▸ **AIM OF THE EXERCISE**: Copy the records below in full, keeping each word as it is but omitting the pictures.

[Spatial localization data]
######

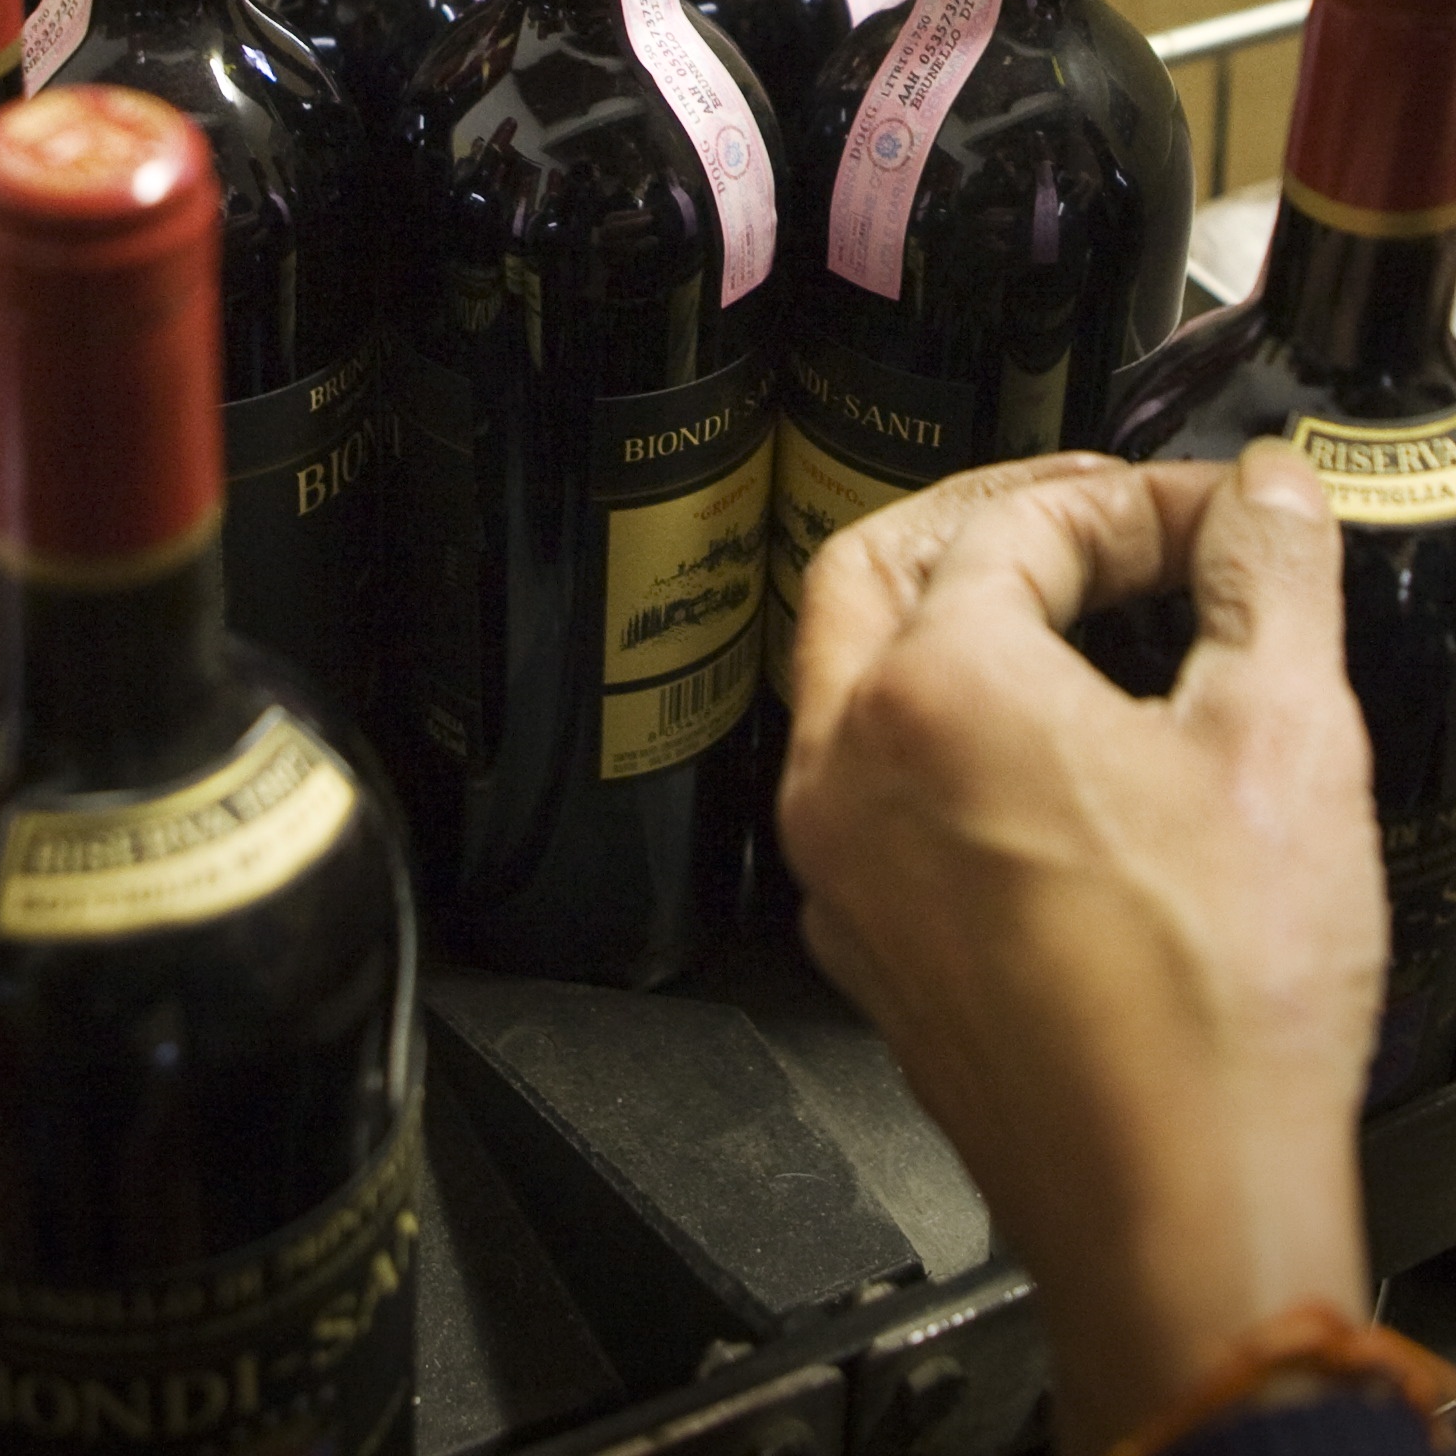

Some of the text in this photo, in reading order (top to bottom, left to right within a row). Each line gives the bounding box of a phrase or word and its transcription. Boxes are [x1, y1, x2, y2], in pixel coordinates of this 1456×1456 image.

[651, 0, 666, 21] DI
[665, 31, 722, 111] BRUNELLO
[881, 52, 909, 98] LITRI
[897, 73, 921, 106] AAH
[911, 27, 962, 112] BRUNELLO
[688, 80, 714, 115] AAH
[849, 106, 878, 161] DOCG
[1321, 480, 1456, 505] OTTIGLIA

######

▸ **ANSWER TO THIS PROBLEM**:
Some of the text in this photo, in reading order (top to bottom, left to right within a row). Each line gives the bounding box of a phrase or word and its transcription. Boxes are [x1, y1, x2, y2], in pixel coordinates of this 1456×1456 image.

[651, 0, 666, 21] DI
[665, 31, 722, 111] BRUNELLO
[881, 52, 909, 98] LITRI
[897, 73, 921, 106] AAH
[911, 27, 962, 112] BRUNELLO
[688, 80, 714, 115] AAH
[849, 106, 878, 161] DOCG
[1321, 480, 1456, 505] OTTIGLIA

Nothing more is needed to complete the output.